Post n°558 pubblicato il 13 Marzo 2008 da albert.z

 

 

Tratto da:http://151.100.71.71/sylosPersonal/pslnews_2001.html 

Apparso su Repubblica del 31/5/01

Il premier e la ragnatela del conflitto di Interessi di Paolo Sylos Labini

Giovanni Sartori sul "Corriere della Sera" del 25 maggio ed Eugenio Scalfari su "Repubblica" del 27 maggio discutono il conflitto d'interessi rappresentato dalle televisioni di Berlusconi, il problema che avvelena la nostra vita politica. Sia Sartori che Scalfari indicano in una vendita genuina la via di uscita; Sartori suggerisce la ripartizione di Mediaset in tre aziende distinte per facilitarne la vendita; Scalfari si appella al Capo dello Stato per impedire che Berlusconi ottenga il monopolio totale della televisione, assicurando in qualche modo l'indipendenza delle reti pubbliche. Entrambi si preoccupano che il Cavalieri inventi qualche espediente per presentare una soluzione solo formalmente valida nel caso del "blind trust" è una soluzione addirittura ridicola. La diffidenza è doverosa. Sono d'accordo sulla vendita piena genuina di Mediaset. C'è tuttavia una questione preliminare. Le televisioni, che si basano su concessioni pubbliche, avrebbero portato con sé l'ineleggibilità non solo di Berlusconi ma anche dei suoi principali collaboratori, fra cui Dell'Utri. Aveva ragione Confalonieri quando dichiarò (Repubblica, 25 giugno 2000) che l'unica soluzione è l'ineleggibilità; aggiunse però che l'Italia non è né l'Inghilterra, con la sua lunga tradizione liberaldemocratica, né l'America, che ha una tradizione simile ed in più la legge Sherman: noi siamo l'Italia e dobbiamo accontentarci di molto meno pressoché di nulla.
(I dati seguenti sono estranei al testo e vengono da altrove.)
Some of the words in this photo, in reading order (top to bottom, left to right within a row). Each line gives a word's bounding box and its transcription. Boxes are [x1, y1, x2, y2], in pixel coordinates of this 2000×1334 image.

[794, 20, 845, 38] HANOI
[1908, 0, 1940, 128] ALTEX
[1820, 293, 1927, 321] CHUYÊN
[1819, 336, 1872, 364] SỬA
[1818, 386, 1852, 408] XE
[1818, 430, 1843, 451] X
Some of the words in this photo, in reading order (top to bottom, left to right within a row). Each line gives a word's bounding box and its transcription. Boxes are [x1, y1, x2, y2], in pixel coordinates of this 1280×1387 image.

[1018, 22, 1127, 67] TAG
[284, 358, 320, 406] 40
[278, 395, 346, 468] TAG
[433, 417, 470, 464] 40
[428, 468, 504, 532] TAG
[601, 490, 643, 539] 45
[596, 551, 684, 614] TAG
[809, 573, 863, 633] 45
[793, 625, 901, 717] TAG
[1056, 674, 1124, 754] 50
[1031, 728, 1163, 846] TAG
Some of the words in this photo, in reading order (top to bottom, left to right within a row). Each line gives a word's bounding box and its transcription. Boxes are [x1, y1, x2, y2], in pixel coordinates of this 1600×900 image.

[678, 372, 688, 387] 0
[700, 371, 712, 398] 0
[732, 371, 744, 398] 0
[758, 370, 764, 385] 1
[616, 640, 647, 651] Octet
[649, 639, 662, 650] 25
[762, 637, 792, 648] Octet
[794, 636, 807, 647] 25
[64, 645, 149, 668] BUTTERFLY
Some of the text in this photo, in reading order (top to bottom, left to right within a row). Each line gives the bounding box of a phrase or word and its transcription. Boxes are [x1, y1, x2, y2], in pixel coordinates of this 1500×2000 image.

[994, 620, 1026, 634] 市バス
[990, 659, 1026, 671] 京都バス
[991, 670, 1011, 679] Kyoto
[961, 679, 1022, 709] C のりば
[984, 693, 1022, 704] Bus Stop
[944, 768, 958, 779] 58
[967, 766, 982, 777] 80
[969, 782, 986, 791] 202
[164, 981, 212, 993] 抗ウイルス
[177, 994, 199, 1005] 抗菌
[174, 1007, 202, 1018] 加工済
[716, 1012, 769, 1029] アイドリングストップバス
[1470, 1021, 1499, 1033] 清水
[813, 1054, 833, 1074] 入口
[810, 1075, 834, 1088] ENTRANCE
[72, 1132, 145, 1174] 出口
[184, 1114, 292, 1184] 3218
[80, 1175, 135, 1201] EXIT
Vero, siamo diversi, replicai (Repubblica, 9 luglio 2000), ma proprio questo è il punto: non siamo un paese normale, cioè civile, ma dobbiamo metterci sulla strada per diventarlo. C'è una legge che già stabilisce l'ineleggibilità per i titolari di concessioni pubbliche e per i suoi collaboratori ed è del 1957.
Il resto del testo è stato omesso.